Stored data entries:
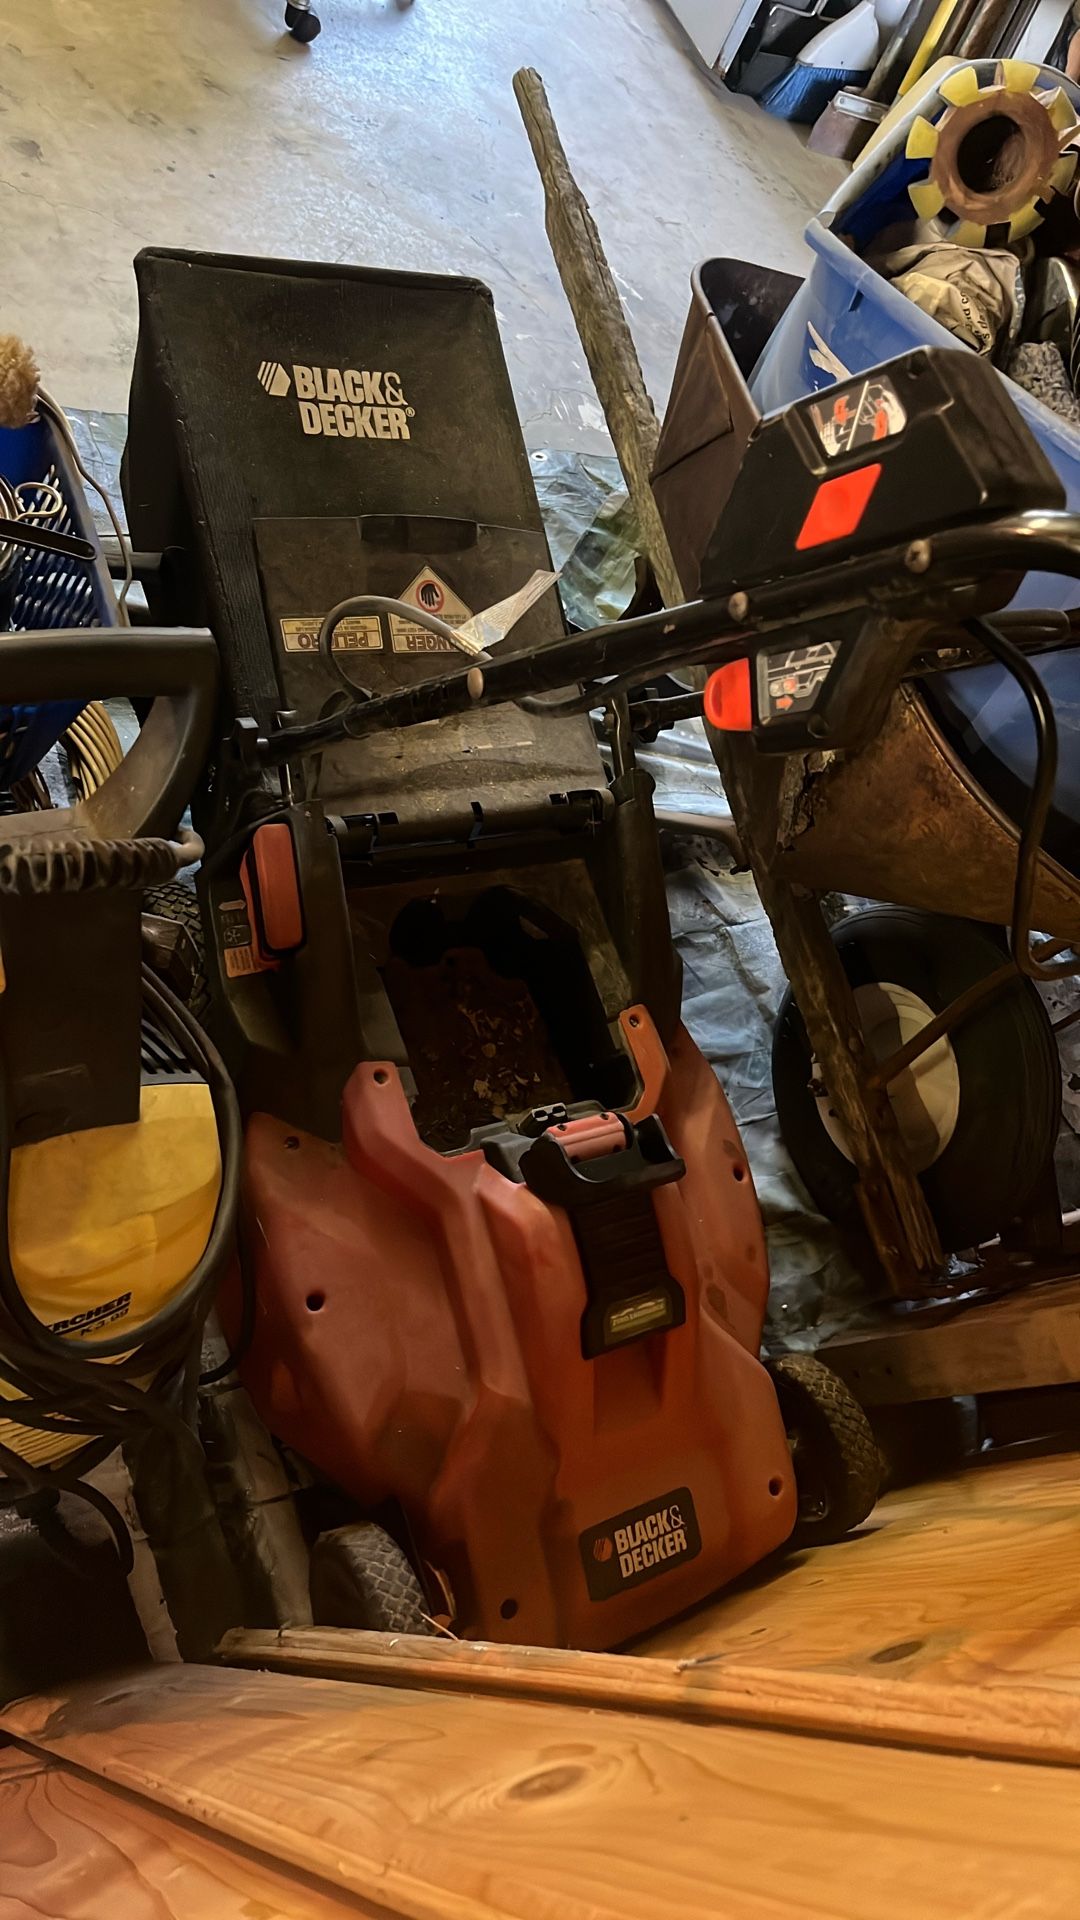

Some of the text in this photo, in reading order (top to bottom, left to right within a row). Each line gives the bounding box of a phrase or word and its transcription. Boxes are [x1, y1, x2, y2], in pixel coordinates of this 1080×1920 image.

[293, 365, 408, 406] BLACK&
[298, 632, 369, 649] PELIRO
[46, 1291, 132, 1332] RCHER
[614, 1505, 685, 1554] BLACK&

** EXERCISE OBJECTIVE **
Leave the images behind and write out every entry exactly.

** RESPONSE BELOW **
Some of the text in this photo, in reading order (top to bottom, left to right within a row). Each line gives the bounding box of a phrase or word and its transcription. Boxes are [x1, y1, x2, y2], in pixel coordinates of this 1080×1920 image.

[293, 365, 408, 406] BLACK&
[298, 632, 369, 649] PELIRO
[46, 1291, 132, 1332] RCHER
[614, 1505, 685, 1554] BLACK&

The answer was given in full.